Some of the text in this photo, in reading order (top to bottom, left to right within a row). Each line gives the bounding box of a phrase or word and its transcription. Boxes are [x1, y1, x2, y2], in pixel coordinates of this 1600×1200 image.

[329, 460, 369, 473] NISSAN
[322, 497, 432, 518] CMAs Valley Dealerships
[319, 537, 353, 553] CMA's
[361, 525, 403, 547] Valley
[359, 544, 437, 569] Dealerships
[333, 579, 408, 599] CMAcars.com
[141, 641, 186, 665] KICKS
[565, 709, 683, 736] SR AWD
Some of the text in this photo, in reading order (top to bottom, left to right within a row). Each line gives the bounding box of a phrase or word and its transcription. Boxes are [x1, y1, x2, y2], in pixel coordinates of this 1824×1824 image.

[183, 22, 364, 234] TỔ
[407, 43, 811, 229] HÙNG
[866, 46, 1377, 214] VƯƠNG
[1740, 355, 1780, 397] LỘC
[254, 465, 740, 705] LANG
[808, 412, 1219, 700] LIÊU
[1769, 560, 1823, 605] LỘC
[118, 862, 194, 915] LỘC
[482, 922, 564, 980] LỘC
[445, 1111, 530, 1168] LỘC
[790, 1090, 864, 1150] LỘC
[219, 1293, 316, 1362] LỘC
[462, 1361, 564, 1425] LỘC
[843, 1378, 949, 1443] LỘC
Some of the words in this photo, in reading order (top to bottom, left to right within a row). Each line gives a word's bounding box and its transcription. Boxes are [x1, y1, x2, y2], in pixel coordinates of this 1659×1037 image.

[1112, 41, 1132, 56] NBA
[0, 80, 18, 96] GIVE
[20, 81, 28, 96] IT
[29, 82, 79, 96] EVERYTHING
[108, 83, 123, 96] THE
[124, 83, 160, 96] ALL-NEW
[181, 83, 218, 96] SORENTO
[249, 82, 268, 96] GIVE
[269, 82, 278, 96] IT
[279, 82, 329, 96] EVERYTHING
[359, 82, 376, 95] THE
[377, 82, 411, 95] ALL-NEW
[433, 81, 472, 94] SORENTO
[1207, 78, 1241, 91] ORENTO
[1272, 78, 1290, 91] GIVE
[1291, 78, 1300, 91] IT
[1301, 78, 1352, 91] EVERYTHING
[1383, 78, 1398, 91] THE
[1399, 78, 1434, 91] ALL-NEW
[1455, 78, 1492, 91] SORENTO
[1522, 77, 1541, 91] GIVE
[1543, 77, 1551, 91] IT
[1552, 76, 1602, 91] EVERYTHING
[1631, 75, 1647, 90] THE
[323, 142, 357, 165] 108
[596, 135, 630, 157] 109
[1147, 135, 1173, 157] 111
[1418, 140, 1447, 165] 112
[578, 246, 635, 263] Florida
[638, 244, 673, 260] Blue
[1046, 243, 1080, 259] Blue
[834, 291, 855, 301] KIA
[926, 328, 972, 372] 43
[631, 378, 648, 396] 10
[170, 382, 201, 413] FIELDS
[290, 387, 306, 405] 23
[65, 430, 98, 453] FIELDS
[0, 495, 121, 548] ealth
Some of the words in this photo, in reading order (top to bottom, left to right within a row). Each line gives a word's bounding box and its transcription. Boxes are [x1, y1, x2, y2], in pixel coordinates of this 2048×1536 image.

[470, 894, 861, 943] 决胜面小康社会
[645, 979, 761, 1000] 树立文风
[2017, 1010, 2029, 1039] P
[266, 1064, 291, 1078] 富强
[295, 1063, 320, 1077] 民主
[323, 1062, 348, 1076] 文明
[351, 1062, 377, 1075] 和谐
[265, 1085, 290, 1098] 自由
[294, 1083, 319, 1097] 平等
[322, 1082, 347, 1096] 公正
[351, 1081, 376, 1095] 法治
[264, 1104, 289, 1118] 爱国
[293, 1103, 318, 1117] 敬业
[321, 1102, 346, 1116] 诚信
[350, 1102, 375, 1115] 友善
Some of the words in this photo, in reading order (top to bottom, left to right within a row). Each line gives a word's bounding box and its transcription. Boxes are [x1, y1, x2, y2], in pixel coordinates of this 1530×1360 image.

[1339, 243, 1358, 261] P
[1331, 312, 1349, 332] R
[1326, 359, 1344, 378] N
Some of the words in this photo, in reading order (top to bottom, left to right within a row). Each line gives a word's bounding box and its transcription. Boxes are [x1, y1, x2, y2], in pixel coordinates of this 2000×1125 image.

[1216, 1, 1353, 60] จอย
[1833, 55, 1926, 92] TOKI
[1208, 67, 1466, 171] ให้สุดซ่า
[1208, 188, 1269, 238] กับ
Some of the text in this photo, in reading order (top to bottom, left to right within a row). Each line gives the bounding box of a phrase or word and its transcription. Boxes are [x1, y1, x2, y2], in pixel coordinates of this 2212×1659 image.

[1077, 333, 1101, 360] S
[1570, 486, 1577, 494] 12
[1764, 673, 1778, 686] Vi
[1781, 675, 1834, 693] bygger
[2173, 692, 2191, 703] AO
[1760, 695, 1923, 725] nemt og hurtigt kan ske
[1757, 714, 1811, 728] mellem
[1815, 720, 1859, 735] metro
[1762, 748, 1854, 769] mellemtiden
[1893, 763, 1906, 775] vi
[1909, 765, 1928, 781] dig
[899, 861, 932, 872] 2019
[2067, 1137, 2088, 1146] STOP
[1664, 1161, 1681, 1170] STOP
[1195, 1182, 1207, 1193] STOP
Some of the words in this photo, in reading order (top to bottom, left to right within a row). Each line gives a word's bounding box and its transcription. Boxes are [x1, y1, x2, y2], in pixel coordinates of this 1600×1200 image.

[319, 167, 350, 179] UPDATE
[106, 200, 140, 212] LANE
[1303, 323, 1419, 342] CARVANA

+ + +

Work task »
Restate the records word for word, keeping every line.

Response to the task »
Some of the text in this photo, in reading order (top to bottom, left to right within a row). Each line gives the bounding box of a phrase or word and its transcription. Boxes are [x1, y1, x2, y2], in pixel coordinates of this 1600×1200 image.

[329, 460, 369, 473] NISSAN
[322, 497, 432, 518] CMAs Valley Dealerships
[319, 537, 353, 553] CMA's
[361, 525, 403, 547] Valley
[359, 544, 437, 569] Dealerships
[333, 579, 408, 599] CMAcars.com
[141, 641, 186, 665] KICKS
[565, 709, 683, 736] SR AWD
Some of the text in this photo, in reading order (top to bottom, left to right within a row). Each line gives the bounding box of a phrase or word and its transcription. Boxes are [x1, y1, x2, y2], in pixel coordinates of this 1824×1824 image.

[183, 22, 364, 234] TỔ
[407, 43, 811, 229] HÙNG
[866, 46, 1377, 214] VƯƠNG
[1740, 355, 1780, 397] LỘC
[254, 465, 740, 705] LANG
[808, 412, 1219, 700] LIÊU
[1769, 560, 1823, 605] LỘC
[118, 862, 194, 915] LỘC
[482, 922, 564, 980] LỘC
[445, 1111, 530, 1168] LỘC
[790, 1090, 864, 1150] LỘC
[219, 1293, 316, 1362] LỘC
[462, 1361, 564, 1425] LỘC
[843, 1378, 949, 1443] LỘC
Some of the words in this photo, in reading order (top to bottom, left to right within a row). Each line gives a word's bounding box and its transcription. Boxes are [x1, y1, x2, y2], in pixel coordinates of this 1659×1037 image.

[1112, 41, 1132, 56] NBA
[0, 80, 18, 96] GIVE
[20, 81, 28, 96] IT
[29, 82, 79, 96] EVERYTHING
[108, 83, 123, 96] THE
[124, 83, 160, 96] ALL-NEW
[181, 83, 218, 96] SORENTO
[249, 82, 268, 96] GIVE
[269, 82, 278, 96] IT
[279, 82, 329, 96] EVERYTHING
[359, 82, 376, 95] THE
[377, 82, 411, 95] ALL-NEW
[433, 81, 472, 94] SORENTO
[1207, 78, 1241, 91] ORENTO
[1272, 78, 1290, 91] GIVE
[1291, 78, 1300, 91] IT
[1301, 78, 1352, 91] EVERYTHING
[1383, 78, 1398, 91] THE
[1399, 78, 1434, 91] ALL-NEW
[1455, 78, 1492, 91] SORENTO
[1522, 77, 1541, 91] GIVE
[1543, 77, 1551, 91] IT
[1552, 76, 1602, 91] EVERYTHING
[1631, 75, 1647, 90] THE
[323, 142, 357, 165] 108
[596, 135, 630, 157] 109
[1147, 135, 1173, 157] 111
[1418, 140, 1447, 165] 112
[578, 246, 635, 263] Florida
[638, 244, 673, 260] Blue
[1046, 243, 1080, 259] Blue
[834, 291, 855, 301] KIA
[926, 328, 972, 372] 43
[631, 378, 648, 396] 10
[170, 382, 201, 413] FIELDS
[290, 387, 306, 405] 23
[65, 430, 98, 453] FIELDS
[0, 495, 121, 548] ealth
Some of the words in this photo, in reading order (top to bottom, left to right within a row). Each line gives a word's bounding box and its transcription. Boxes are [x1, y1, x2, y2], in pixel coordinates of this 2048×1536 image.

[470, 894, 861, 943] 决胜面小康社会
[645, 979, 761, 1000] 树立文风
[2017, 1010, 2029, 1039] P
[266, 1064, 291, 1078] 富强
[295, 1063, 320, 1077] 民主
[323, 1062, 348, 1076] 文明
[351, 1062, 377, 1075] 和谐
[265, 1085, 290, 1098] 自由
[294, 1083, 319, 1097] 平等
[322, 1082, 347, 1096] 公正
[351, 1081, 376, 1095] 法治
[264, 1104, 289, 1118] 爱国
[293, 1103, 318, 1117] 敬业
[321, 1102, 346, 1116] 诚信
[350, 1102, 375, 1115] 友善
Some of the words in this photo, in reading order (top to bottom, left to right within a row). Each line gives a word's bounding box and its transcription. Boxes are [x1, y1, x2, y2], in pixel coordinates of this 1530×1360 image.

[1339, 243, 1358, 261] P
[1331, 312, 1349, 332] R
[1326, 359, 1344, 378] N
Some of the words in this photo, in reading order (top to bottom, left to right within a row). Each line gives a word's bounding box and its transcription. Boxes are [x1, y1, x2, y2], in pixel coordinates of this 2000×1125 image.

[1216, 1, 1353, 60] จอย
[1833, 55, 1926, 92] TOKI
[1208, 67, 1466, 171] ให้สุดซ่า
[1208, 188, 1269, 238] กับ
Some of the text in this photo, in reading order (top to bottom, left to right within a row). Each line gives the bounding box of a phrase or word and its transcription. Boxes are [x1, y1, x2, y2], in pixel coordinates of this 2212×1659 image.

[1077, 333, 1101, 360] S
[1570, 486, 1577, 494] 12
[1764, 673, 1778, 686] Vi
[1781, 675, 1834, 693] bygger
[2173, 692, 2191, 703] AO
[1760, 695, 1923, 725] nemt og hurtigt kan ske
[1757, 714, 1811, 728] mellem
[1815, 720, 1859, 735] metro
[1762, 748, 1854, 769] mellemtiden
[1893, 763, 1906, 775] vi
[1909, 765, 1928, 781] dig
[899, 861, 932, 872] 2019
[2067, 1137, 2088, 1146] STOP
[1664, 1161, 1681, 1170] STOP
[1195, 1182, 1207, 1193] STOP
Some of the words in this photo, in reading order (top to bottom, left to right within a row). Each line gives a word's bounding box and its transcription. Boxes are [x1, y1, x2, y2], in pixel coordinates of this 1600×1200 image.

[319, 167, 350, 179] UPDATE
[106, 200, 140, 212] LANE
[1303, 323, 1419, 342] CARVANA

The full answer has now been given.